■ **What is required**: Exactly as written, return all the data, leaving its pictures behind.

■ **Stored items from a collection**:
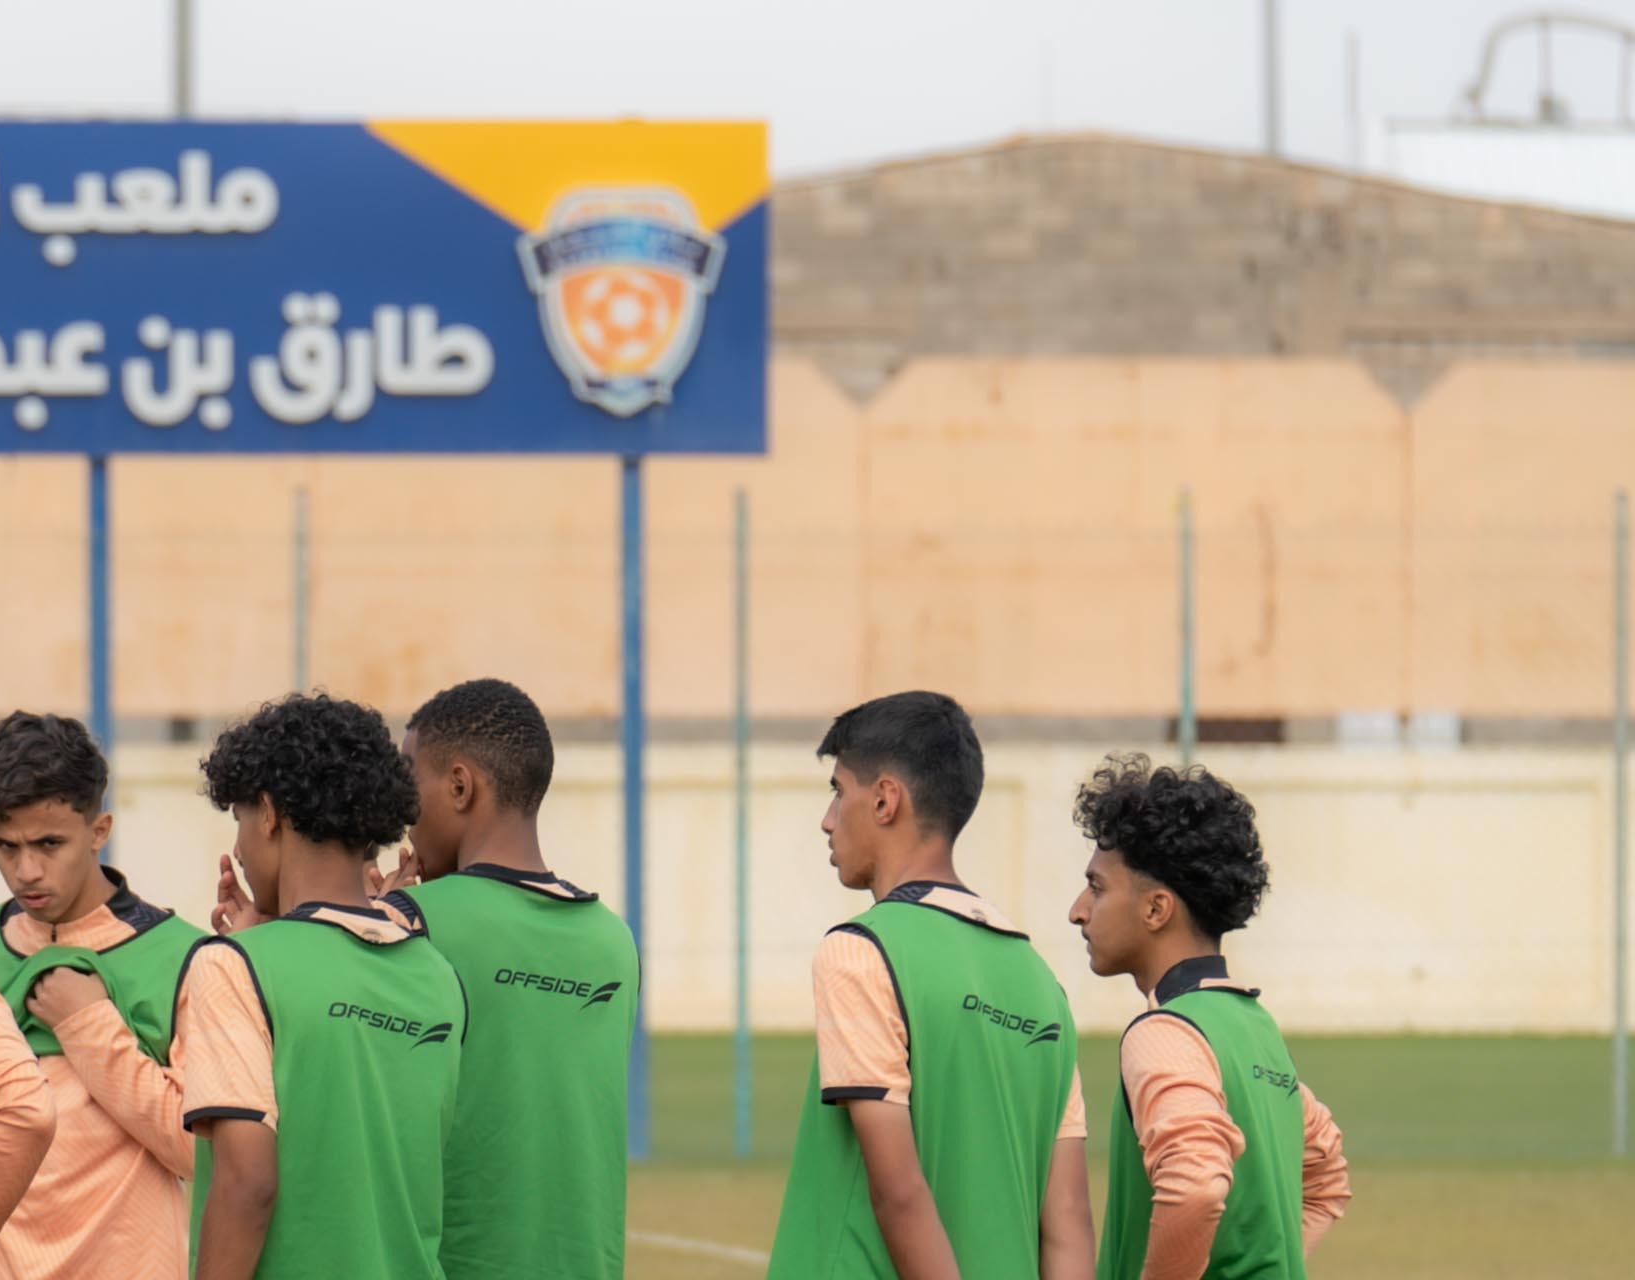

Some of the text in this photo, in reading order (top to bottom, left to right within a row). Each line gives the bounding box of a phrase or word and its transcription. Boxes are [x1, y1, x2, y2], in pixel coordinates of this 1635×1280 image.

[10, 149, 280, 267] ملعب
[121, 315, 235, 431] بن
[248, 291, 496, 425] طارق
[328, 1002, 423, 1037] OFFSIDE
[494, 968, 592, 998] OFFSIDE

■ **Answer for the task**:
Some of the text in this photo, in reading order (top to bottom, left to right within a row). Each line gives the bounding box of a phrase or word and its transcription. Boxes are [x1, y1, x2, y2], in pixel coordinates of this 1635×1280 image.

[10, 149, 280, 267] ملعب
[121, 315, 235, 431] بن
[248, 291, 496, 425] طارق
[328, 1002, 423, 1037] OFFSIDE
[494, 968, 592, 998] OFFSIDE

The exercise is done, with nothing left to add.